* [What is being asked]
This task calls for every entry below to be repeated exactly, without the pictures.

*** Excerpted data

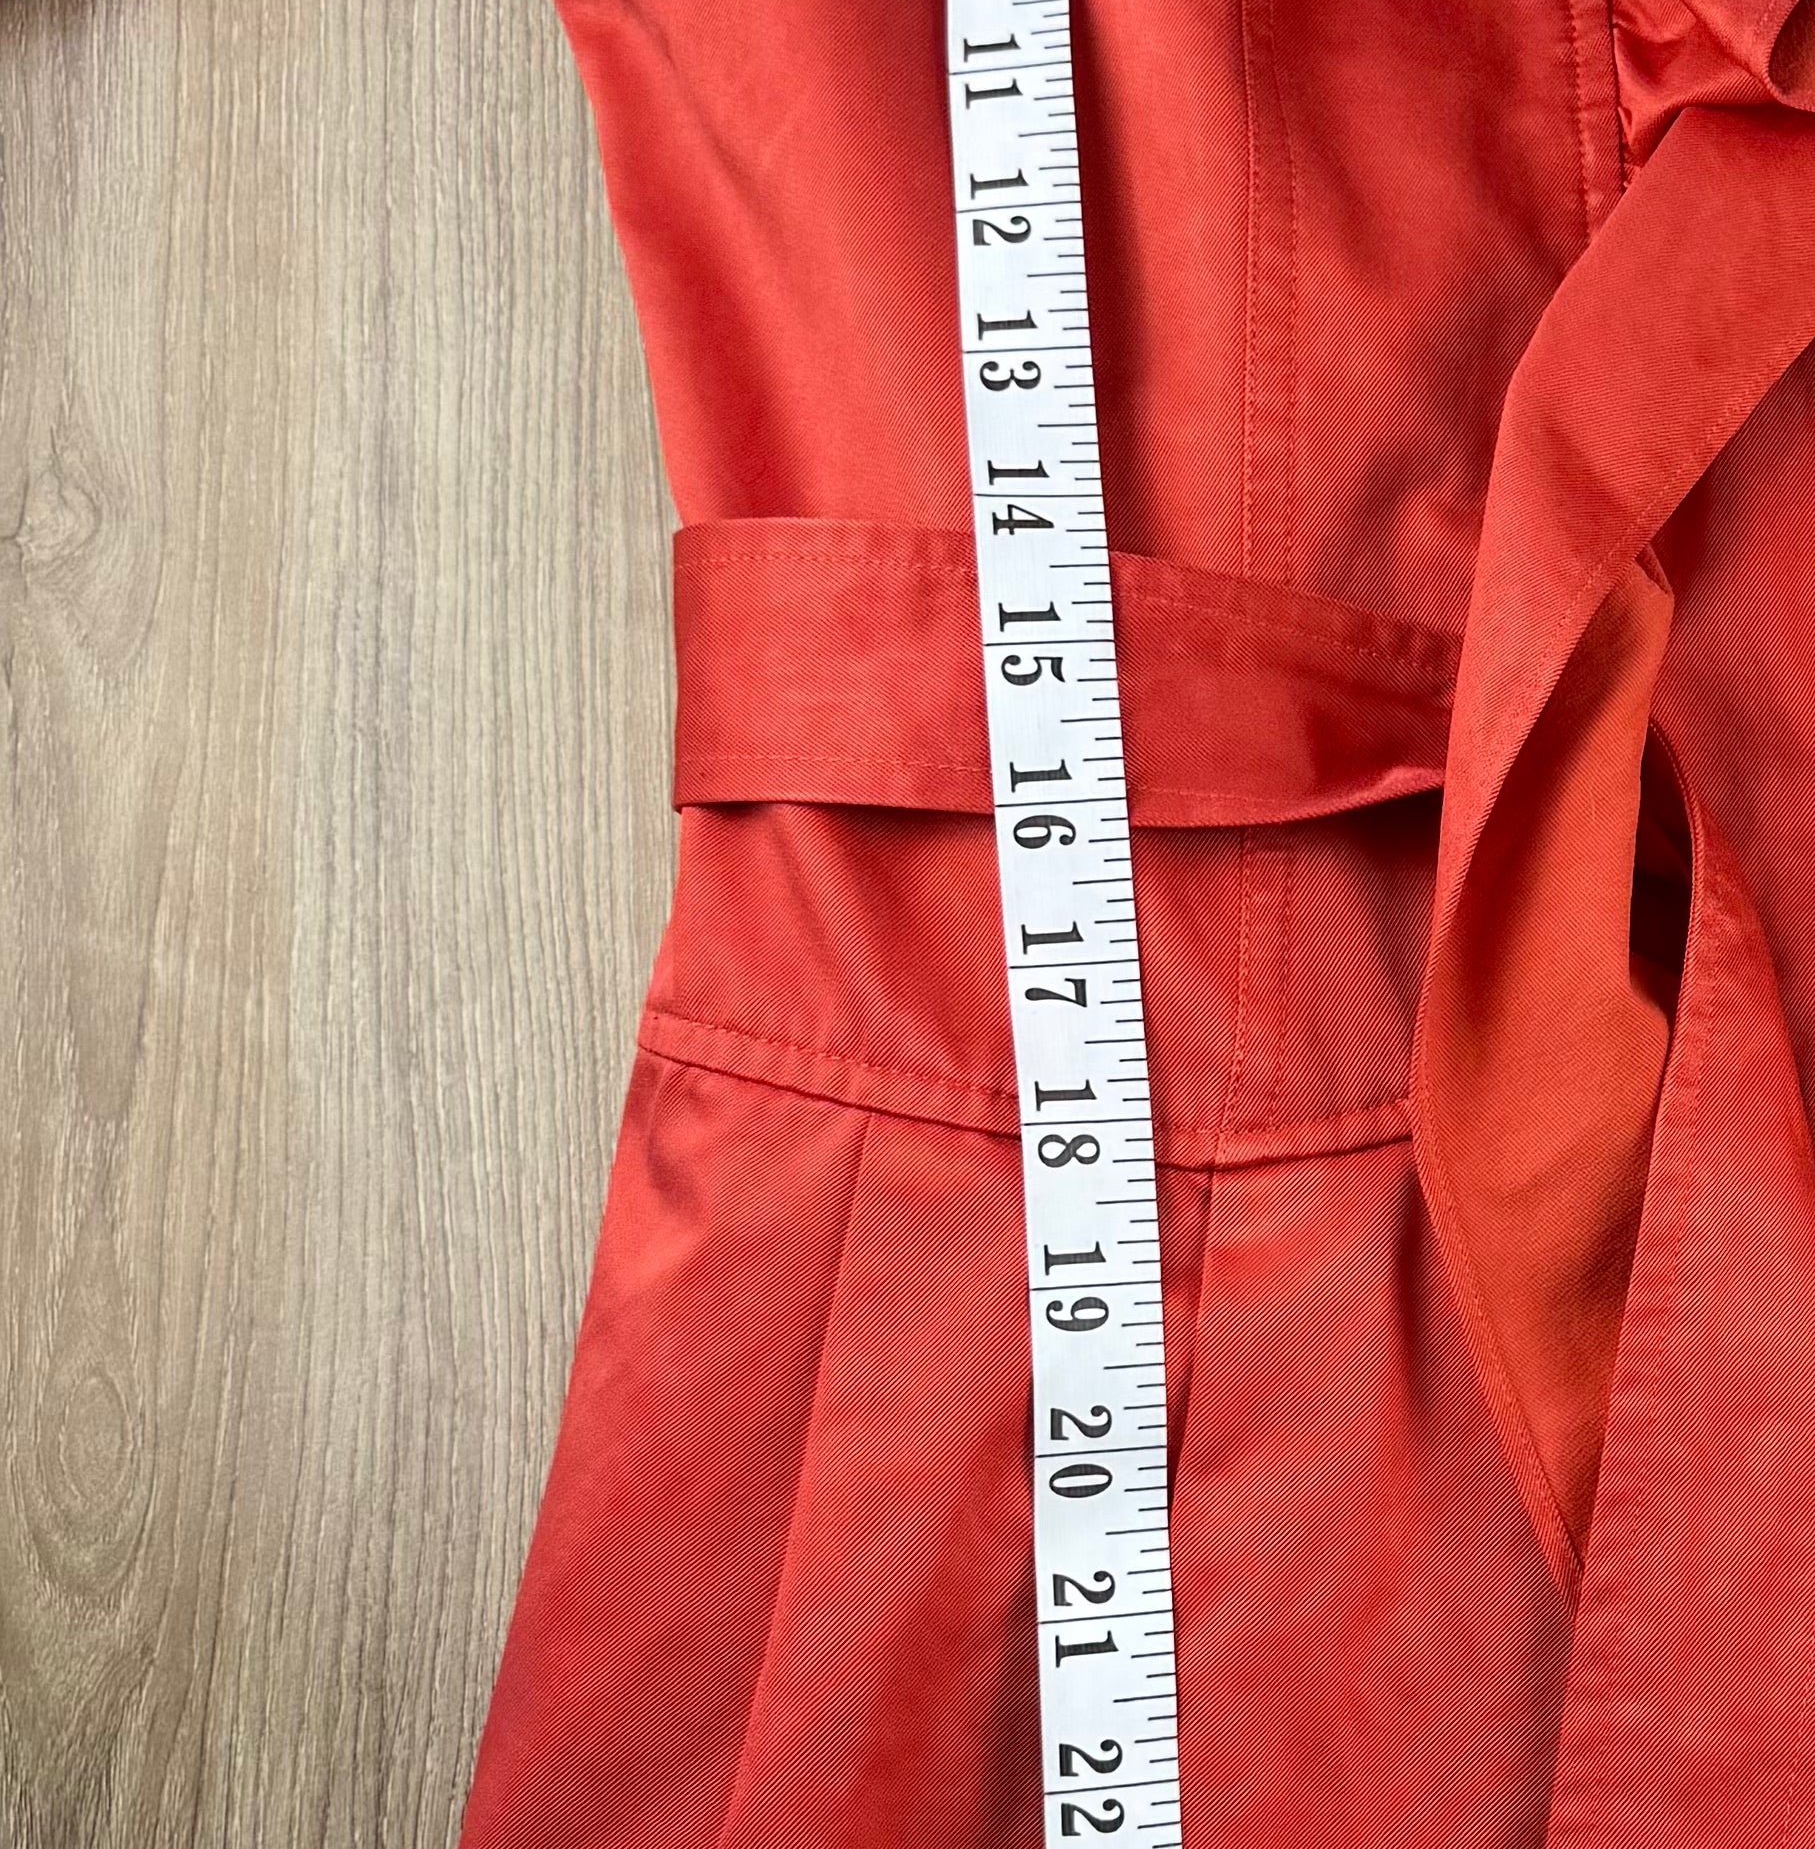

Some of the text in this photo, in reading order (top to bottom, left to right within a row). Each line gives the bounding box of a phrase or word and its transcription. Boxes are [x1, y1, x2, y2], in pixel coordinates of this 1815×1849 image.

[963, 33, 1023, 110] 11
[969, 168, 1032, 246] 12
[976, 309, 1042, 392] 13
[987, 459, 1055, 536] 14
[997, 601, 1066, 687] 15
[1009, 758, 1077, 850] 16
[1020, 920, 1088, 1008] 17
[1034, 1079, 1101, 1169] 18
[1043, 1240, 1110, 1332] 19
[1048, 1405, 1113, 1499] 20
[1052, 1570, 1119, 1669] 21
[1058, 1739, 1125, 1837] 22

******

* [Answer box]
Some of the text in this photo, in reading order (top to bottom, left to right within a row). Each line gives the bounding box of a phrase or word and its transcription. Boxes are [x1, y1, x2, y2], in pixel coordinates of this 1815×1849 image.

[963, 33, 1023, 110] 11
[969, 168, 1032, 246] 12
[976, 309, 1042, 392] 13
[987, 459, 1055, 536] 14
[997, 601, 1066, 687] 15
[1009, 758, 1077, 850] 16
[1020, 920, 1088, 1008] 17
[1034, 1079, 1101, 1169] 18
[1043, 1240, 1110, 1332] 19
[1048, 1405, 1113, 1499] 20
[1052, 1570, 1119, 1669] 21
[1058, 1739, 1125, 1837] 22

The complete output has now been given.